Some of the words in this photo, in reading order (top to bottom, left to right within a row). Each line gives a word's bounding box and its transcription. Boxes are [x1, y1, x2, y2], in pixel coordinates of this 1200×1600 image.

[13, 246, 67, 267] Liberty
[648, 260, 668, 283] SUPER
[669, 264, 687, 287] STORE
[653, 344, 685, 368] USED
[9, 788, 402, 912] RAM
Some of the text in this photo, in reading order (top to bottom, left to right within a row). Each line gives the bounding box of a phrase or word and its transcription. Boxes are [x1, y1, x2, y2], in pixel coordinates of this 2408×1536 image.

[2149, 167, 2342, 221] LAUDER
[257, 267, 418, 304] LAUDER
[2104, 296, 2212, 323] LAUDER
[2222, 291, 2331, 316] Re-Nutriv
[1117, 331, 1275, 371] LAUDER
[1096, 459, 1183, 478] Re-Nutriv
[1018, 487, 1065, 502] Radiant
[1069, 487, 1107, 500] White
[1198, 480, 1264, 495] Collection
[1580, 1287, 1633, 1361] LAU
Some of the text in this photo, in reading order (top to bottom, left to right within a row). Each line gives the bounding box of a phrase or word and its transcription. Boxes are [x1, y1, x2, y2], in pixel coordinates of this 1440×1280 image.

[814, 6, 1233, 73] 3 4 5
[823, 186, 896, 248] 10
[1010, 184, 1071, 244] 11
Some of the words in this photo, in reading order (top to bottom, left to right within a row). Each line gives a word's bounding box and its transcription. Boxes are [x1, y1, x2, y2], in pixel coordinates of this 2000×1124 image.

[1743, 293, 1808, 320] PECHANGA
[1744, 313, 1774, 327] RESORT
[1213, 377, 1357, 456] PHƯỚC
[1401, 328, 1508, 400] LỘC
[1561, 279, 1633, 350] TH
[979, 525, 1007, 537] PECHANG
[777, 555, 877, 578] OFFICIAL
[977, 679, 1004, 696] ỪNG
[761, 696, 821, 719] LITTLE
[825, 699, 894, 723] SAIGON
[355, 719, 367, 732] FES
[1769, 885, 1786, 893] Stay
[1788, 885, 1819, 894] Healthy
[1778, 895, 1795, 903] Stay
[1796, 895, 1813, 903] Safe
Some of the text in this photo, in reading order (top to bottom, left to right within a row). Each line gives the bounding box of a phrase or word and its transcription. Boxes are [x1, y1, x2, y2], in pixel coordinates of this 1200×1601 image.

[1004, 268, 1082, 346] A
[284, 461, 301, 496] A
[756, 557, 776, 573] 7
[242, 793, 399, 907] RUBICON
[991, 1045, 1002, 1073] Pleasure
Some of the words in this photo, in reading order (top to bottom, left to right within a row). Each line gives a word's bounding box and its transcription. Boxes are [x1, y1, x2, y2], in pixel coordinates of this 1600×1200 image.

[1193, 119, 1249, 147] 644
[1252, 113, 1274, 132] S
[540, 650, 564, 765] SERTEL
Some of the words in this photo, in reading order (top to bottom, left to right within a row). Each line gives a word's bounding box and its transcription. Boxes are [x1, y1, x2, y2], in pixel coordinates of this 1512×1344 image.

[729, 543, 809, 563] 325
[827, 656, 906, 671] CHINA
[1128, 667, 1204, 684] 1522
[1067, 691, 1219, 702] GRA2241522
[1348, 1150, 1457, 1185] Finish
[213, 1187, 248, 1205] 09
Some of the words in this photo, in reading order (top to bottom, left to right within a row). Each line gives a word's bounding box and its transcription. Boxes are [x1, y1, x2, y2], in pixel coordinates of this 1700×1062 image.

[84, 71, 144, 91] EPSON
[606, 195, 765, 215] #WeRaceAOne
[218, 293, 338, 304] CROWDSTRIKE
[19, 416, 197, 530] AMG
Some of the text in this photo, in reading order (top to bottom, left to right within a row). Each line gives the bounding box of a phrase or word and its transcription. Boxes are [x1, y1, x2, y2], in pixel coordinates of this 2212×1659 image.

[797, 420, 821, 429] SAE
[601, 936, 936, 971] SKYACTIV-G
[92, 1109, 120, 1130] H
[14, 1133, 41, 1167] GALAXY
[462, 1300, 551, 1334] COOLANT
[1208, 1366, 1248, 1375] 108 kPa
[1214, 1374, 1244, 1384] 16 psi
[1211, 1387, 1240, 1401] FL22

- - -

Your task: The data above should be reproduced in full and exactly.

Reply:
Some of the words in this photo, in reading order (top to bottom, left to right within a row). Each line gives a word's bounding box and its transcription. Boxes are [x1, y1, x2, y2], in pixel coordinates of this 1200×1600 image.

[13, 246, 67, 267] Liberty
[648, 260, 668, 283] SUPER
[669, 264, 687, 287] STORE
[653, 344, 685, 368] USED
[9, 788, 402, 912] RAM
Some of the text in this photo, in reading order (top to bottom, left to right within a row). Each line gives the bounding box of a phrase or word and its transcription. Boxes are [x1, y1, x2, y2], in pixel coordinates of this 2408×1536 image.

[2149, 167, 2342, 221] LAUDER
[257, 267, 418, 304] LAUDER
[2104, 296, 2212, 323] LAUDER
[2222, 291, 2331, 316] Re-Nutriv
[1117, 331, 1275, 371] LAUDER
[1096, 459, 1183, 478] Re-Nutriv
[1018, 487, 1065, 502] Radiant
[1069, 487, 1107, 500] White
[1198, 480, 1264, 495] Collection
[1580, 1287, 1633, 1361] LAU
Some of the text in this photo, in reading order (top to bottom, left to right within a row). Each line gives the bounding box of a phrase or word and its transcription. Boxes are [x1, y1, x2, y2], in pixel coordinates of this 1440×1280 image.

[814, 6, 1233, 73] 3 4 5
[823, 186, 896, 248] 10
[1010, 184, 1071, 244] 11
Some of the words in this photo, in reading order (top to bottom, left to right within a row). Each line gives a word's bounding box and its transcription. Boxes are [x1, y1, x2, y2], in pixel coordinates of this 2000×1124 image.

[1743, 293, 1808, 320] PECHANGA
[1744, 313, 1774, 327] RESORT
[1213, 377, 1357, 456] PHƯỚC
[1401, 328, 1508, 400] LỘC
[1561, 279, 1633, 350] TH
[979, 525, 1007, 537] PECHANG
[777, 555, 877, 578] OFFICIAL
[977, 679, 1004, 696] ỪNG
[761, 696, 821, 719] LITTLE
[825, 699, 894, 723] SAIGON
[355, 719, 367, 732] FES
[1769, 885, 1786, 893] Stay
[1788, 885, 1819, 894] Healthy
[1778, 895, 1795, 903] Stay
[1796, 895, 1813, 903] Safe
Some of the text in this photo, in reading order (top to bottom, left to right within a row). Each line gives the bounding box of a phrase or word and its transcription. Boxes are [x1, y1, x2, y2], in pixel coordinates of this 1200×1601 image.

[1004, 268, 1082, 346] A
[284, 461, 301, 496] A
[756, 557, 776, 573] 7
[242, 793, 399, 907] RUBICON
[991, 1045, 1002, 1073] Pleasure
Some of the words in this photo, in reading order (top to bottom, left to right within a row). Each line gives a word's bounding box and its transcription. Boxes are [x1, y1, x2, y2], in pixel coordinates of this 1600×1200 image.

[1193, 119, 1249, 147] 644
[1252, 113, 1274, 132] S
[540, 650, 564, 765] SERTEL
Some of the words in this photo, in reading order (top to bottom, left to right within a row). Each line gives a word's bounding box and its transcription. Boxes are [x1, y1, x2, y2], in pixel coordinates of this 1512×1344 image.

[729, 543, 809, 563] 325
[827, 656, 906, 671] CHINA
[1128, 667, 1204, 684] 1522
[1067, 691, 1219, 702] GRA2241522
[1348, 1150, 1457, 1185] Finish
[213, 1187, 248, 1205] 09
Some of the words in this photo, in reading order (top to bottom, left to right within a row). Each line gives a word's bounding box and its transcription. Boxes are [x1, y1, x2, y2], in pixel coordinates of this 1700×1062 image.

[84, 71, 144, 91] EPSON
[606, 195, 765, 215] #WeRaceAOne
[218, 293, 338, 304] CROWDSTRIKE
[19, 416, 197, 530] AMG
Some of the text in this photo, in reading order (top to bottom, left to right within a row). Each line gives the bounding box of a phrase or word and its transcription. Boxes are [x1, y1, x2, y2], in pixel coordinates of this 2212×1659 image.

[797, 420, 821, 429] SAE
[601, 936, 936, 971] SKYACTIV-G
[92, 1109, 120, 1130] H
[14, 1133, 41, 1167] GALAXY
[462, 1300, 551, 1334] COOLANT
[1208, 1366, 1248, 1375] 108 kPa
[1214, 1374, 1244, 1384] 16 psi
[1211, 1387, 1240, 1401] FL22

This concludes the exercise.